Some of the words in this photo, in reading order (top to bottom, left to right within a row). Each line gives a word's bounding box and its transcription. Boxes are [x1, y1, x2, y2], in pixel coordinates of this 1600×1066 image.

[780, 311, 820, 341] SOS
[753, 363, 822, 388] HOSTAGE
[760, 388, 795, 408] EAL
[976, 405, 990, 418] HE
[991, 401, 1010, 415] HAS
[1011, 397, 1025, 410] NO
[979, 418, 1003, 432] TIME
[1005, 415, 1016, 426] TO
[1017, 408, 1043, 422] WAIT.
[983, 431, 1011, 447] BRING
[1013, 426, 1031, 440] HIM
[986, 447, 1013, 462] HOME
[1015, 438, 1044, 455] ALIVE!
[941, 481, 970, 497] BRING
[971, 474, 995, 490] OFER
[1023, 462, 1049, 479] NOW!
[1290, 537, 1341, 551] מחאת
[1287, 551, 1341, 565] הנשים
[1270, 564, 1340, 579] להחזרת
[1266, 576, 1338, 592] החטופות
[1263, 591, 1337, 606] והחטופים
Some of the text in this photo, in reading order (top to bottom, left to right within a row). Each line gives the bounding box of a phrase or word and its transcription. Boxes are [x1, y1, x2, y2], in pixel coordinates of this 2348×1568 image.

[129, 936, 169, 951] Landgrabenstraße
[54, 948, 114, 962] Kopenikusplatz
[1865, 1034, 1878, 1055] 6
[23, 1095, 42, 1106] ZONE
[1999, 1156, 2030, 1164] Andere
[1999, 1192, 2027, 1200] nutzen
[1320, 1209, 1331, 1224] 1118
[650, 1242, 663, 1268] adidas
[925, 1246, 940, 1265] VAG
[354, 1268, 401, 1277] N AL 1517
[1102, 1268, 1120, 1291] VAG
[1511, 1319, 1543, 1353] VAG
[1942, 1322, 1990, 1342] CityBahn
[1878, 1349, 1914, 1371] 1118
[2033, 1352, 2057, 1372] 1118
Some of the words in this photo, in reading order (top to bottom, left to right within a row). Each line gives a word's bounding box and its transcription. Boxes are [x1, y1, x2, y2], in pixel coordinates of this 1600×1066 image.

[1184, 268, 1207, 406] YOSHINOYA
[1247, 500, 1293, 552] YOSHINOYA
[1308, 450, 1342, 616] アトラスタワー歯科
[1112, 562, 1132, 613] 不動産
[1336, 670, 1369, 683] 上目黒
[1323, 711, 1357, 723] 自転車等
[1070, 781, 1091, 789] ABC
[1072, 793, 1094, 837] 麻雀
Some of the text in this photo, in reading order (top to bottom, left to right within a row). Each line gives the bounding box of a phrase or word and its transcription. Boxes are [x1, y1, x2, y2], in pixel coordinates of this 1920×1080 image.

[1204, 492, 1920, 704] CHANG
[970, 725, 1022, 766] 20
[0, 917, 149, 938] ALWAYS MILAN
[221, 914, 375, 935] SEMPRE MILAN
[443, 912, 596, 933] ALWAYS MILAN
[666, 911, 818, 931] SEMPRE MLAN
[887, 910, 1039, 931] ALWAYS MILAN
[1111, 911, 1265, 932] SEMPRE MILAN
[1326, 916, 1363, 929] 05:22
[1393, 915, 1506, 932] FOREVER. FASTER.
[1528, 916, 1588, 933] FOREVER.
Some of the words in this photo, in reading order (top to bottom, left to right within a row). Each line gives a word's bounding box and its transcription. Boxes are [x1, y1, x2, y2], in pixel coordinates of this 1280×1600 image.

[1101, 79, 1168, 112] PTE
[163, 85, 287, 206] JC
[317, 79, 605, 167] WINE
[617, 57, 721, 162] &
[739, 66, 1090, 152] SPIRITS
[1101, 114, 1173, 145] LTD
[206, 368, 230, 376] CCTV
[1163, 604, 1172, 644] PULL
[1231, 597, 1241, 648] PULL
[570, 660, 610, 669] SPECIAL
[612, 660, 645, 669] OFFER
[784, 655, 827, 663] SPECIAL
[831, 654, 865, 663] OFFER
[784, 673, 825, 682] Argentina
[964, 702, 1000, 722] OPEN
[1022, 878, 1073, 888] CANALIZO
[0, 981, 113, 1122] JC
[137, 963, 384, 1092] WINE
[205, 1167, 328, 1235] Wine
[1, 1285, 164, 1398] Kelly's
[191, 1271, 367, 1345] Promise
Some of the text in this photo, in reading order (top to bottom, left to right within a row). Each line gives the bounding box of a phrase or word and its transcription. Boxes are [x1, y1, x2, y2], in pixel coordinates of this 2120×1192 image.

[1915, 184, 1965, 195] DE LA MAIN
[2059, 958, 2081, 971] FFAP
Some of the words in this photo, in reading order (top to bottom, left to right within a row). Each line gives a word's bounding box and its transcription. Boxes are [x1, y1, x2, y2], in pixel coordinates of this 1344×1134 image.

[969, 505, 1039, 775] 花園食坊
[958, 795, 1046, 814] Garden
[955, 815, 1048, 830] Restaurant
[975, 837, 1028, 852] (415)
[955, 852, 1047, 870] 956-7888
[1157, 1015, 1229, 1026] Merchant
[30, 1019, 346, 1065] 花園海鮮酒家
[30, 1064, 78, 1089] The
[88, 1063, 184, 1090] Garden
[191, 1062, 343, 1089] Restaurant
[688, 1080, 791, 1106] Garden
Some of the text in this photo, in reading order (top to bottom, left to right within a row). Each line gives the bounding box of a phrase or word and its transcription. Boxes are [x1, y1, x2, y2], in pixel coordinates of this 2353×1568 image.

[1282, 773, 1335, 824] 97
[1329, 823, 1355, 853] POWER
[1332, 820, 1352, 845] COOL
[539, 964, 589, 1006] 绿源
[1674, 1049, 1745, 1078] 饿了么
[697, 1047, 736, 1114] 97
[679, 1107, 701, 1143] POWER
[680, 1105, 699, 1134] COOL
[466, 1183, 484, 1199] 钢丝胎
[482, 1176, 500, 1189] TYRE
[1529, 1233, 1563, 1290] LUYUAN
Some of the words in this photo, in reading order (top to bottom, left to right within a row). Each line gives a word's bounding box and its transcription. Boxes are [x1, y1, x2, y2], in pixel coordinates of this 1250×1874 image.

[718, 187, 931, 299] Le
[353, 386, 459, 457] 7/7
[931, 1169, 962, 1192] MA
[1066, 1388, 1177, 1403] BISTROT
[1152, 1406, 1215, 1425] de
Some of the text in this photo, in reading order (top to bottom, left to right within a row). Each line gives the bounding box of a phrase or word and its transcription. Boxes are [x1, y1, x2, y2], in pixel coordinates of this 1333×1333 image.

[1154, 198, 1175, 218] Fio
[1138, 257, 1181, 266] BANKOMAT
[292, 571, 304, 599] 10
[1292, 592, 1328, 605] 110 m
_ _ _ _ _ _ _
* What is needed
Can you give every line above again, exactly as written?

* Output
Some of the words in this photo, in reading order (top to bottom, left to right within a row). Each line gives a word's bounding box and its transcription. Boxes are [x1, y1, x2, y2], in pixel coordinates of this 1600×1066 image.

[780, 311, 820, 341] SOS
[753, 363, 822, 388] HOSTAGE
[760, 388, 795, 408] EAL
[976, 405, 990, 418] HE
[991, 401, 1010, 415] HAS
[1011, 397, 1025, 410] NO
[979, 418, 1003, 432] TIME
[1005, 415, 1016, 426] TO
[1017, 408, 1043, 422] WAIT.
[983, 431, 1011, 447] BRING
[1013, 426, 1031, 440] HIM
[986, 447, 1013, 462] HOME
[1015, 438, 1044, 455] ALIVE!
[941, 481, 970, 497] BRING
[971, 474, 995, 490] OFER
[1023, 462, 1049, 479] NOW!
[1290, 537, 1341, 551] מחאת
[1287, 551, 1341, 565] הנשים
[1270, 564, 1340, 579] להחזרת
[1266, 576, 1338, 592] החטופות
[1263, 591, 1337, 606] והחטופים
Some of the text in this photo, in reading order (top to bottom, left to right within a row). Each line gives the bounding box of a phrase or word and its transcription. Boxes are [x1, y1, x2, y2], in pixel coordinates of this 2348×1568 image.

[129, 936, 169, 951] Landgrabenstraße
[54, 948, 114, 962] Kopenikusplatz
[1865, 1034, 1878, 1055] 6
[23, 1095, 42, 1106] ZONE
[1999, 1156, 2030, 1164] Andere
[1999, 1192, 2027, 1200] nutzen
[1320, 1209, 1331, 1224] 1118
[650, 1242, 663, 1268] adidas
[925, 1246, 940, 1265] VAG
[354, 1268, 401, 1277] N AL 1517
[1102, 1268, 1120, 1291] VAG
[1511, 1319, 1543, 1353] VAG
[1942, 1322, 1990, 1342] CityBahn
[1878, 1349, 1914, 1371] 1118
[2033, 1352, 2057, 1372] 1118
Some of the words in this photo, in reading order (top to bottom, left to right within a row). Each line gives a word's bounding box and its transcription. Boxes are [x1, y1, x2, y2], in pixel coordinates of this 1600×1066 image.

[1184, 268, 1207, 406] YOSHINOYA
[1247, 500, 1293, 552] YOSHINOYA
[1308, 450, 1342, 616] アトラスタワー歯科
[1112, 562, 1132, 613] 不動産
[1336, 670, 1369, 683] 上目黒
[1323, 711, 1357, 723] 自転車等
[1070, 781, 1091, 789] ABC
[1072, 793, 1094, 837] 麻雀
Some of the text in this photo, in reading order (top to bottom, left to right within a row). Each line gives the bounding box of a phrase or word and its transcription. Boxes are [x1, y1, x2, y2], in pixel coordinates of this 1920×1080 image.

[1204, 492, 1920, 704] CHANG
[970, 725, 1022, 766] 20
[0, 917, 149, 938] ALWAYS MILAN
[221, 914, 375, 935] SEMPRE MILAN
[443, 912, 596, 933] ALWAYS MILAN
[666, 911, 818, 931] SEMPRE MLAN
[887, 910, 1039, 931] ALWAYS MILAN
[1111, 911, 1265, 932] SEMPRE MILAN
[1326, 916, 1363, 929] 05:22
[1393, 915, 1506, 932] FOREVER. FASTER.
[1528, 916, 1588, 933] FOREVER.
Some of the words in this photo, in reading order (top to bottom, left to right within a row). Each line gives a word's bounding box and its transcription. Boxes are [x1, y1, x2, y2], in pixel coordinates of this 1280×1600 image.

[1101, 79, 1168, 112] PTE
[163, 85, 287, 206] JC
[317, 79, 605, 167] WINE
[617, 57, 721, 162] &
[739, 66, 1090, 152] SPIRITS
[1101, 114, 1173, 145] LTD
[206, 368, 230, 376] CCTV
[1163, 604, 1172, 644] PULL
[1231, 597, 1241, 648] PULL
[570, 660, 610, 669] SPECIAL
[612, 660, 645, 669] OFFER
[784, 655, 827, 663] SPECIAL
[831, 654, 865, 663] OFFER
[784, 673, 825, 682] Argentina
[964, 702, 1000, 722] OPEN
[1022, 878, 1073, 888] CANALIZO
[0, 981, 113, 1122] JC
[137, 963, 384, 1092] WINE
[205, 1167, 328, 1235] Wine
[1, 1285, 164, 1398] Kelly's
[191, 1271, 367, 1345] Promise
Some of the text in this photo, in reading order (top to bottom, left to right within a row). Each line gives the bounding box of a phrase or word and its transcription. Boxes are [x1, y1, x2, y2], in pixel coordinates of this 2120×1192 image.

[1915, 184, 1965, 195] DE LA MAIN
[2059, 958, 2081, 971] FFAP
Some of the words in this photo, in reading order (top to bottom, left to right within a row). Each line gives a word's bounding box and its transcription. Boxes are [x1, y1, x2, y2], in pixel coordinates of this 1344×1134 image.

[969, 505, 1039, 775] 花園食坊
[958, 795, 1046, 814] Garden
[955, 815, 1048, 830] Restaurant
[975, 837, 1028, 852] (415)
[955, 852, 1047, 870] 956-7888
[1157, 1015, 1229, 1026] Merchant
[30, 1019, 346, 1065] 花園海鮮酒家
[30, 1064, 78, 1089] The
[88, 1063, 184, 1090] Garden
[191, 1062, 343, 1089] Restaurant
[688, 1080, 791, 1106] Garden
Some of the text in this photo, in reading order (top to bottom, left to right within a row). Each line gives the bounding box of a phrase or word and its transcription. Boxes are [x1, y1, x2, y2], in pixel coordinates of this 2353×1568 image.

[1282, 773, 1335, 824] 97
[1329, 823, 1355, 853] POWER
[1332, 820, 1352, 845] COOL
[539, 964, 589, 1006] 绿源
[1674, 1049, 1745, 1078] 饿了么
[697, 1047, 736, 1114] 97
[679, 1107, 701, 1143] POWER
[680, 1105, 699, 1134] COOL
[466, 1183, 484, 1199] 钢丝胎
[482, 1176, 500, 1189] TYRE
[1529, 1233, 1563, 1290] LUYUAN
Some of the words in this photo, in reading order (top to bottom, left to right within a row). Each line gives a word's bounding box and its transcription. Boxes are [x1, y1, x2, y2], in pixel coordinates of this 1250×1874 image.

[718, 187, 931, 299] Le
[353, 386, 459, 457] 7/7
[931, 1169, 962, 1192] MA
[1066, 1388, 1177, 1403] BISTROT
[1152, 1406, 1215, 1425] de
Some of the text in this photo, in reading order (top to bottom, left to right within a row). Each line gives the bounding box of a phrase or word and its transcription. Boxes are [x1, y1, x2, y2], in pixel coordinates of this 1333×1333 image.

[1154, 198, 1175, 218] Fio
[1138, 257, 1181, 266] BANKOMAT
[292, 571, 304, 599] 10
[1292, 592, 1328, 605] 110 m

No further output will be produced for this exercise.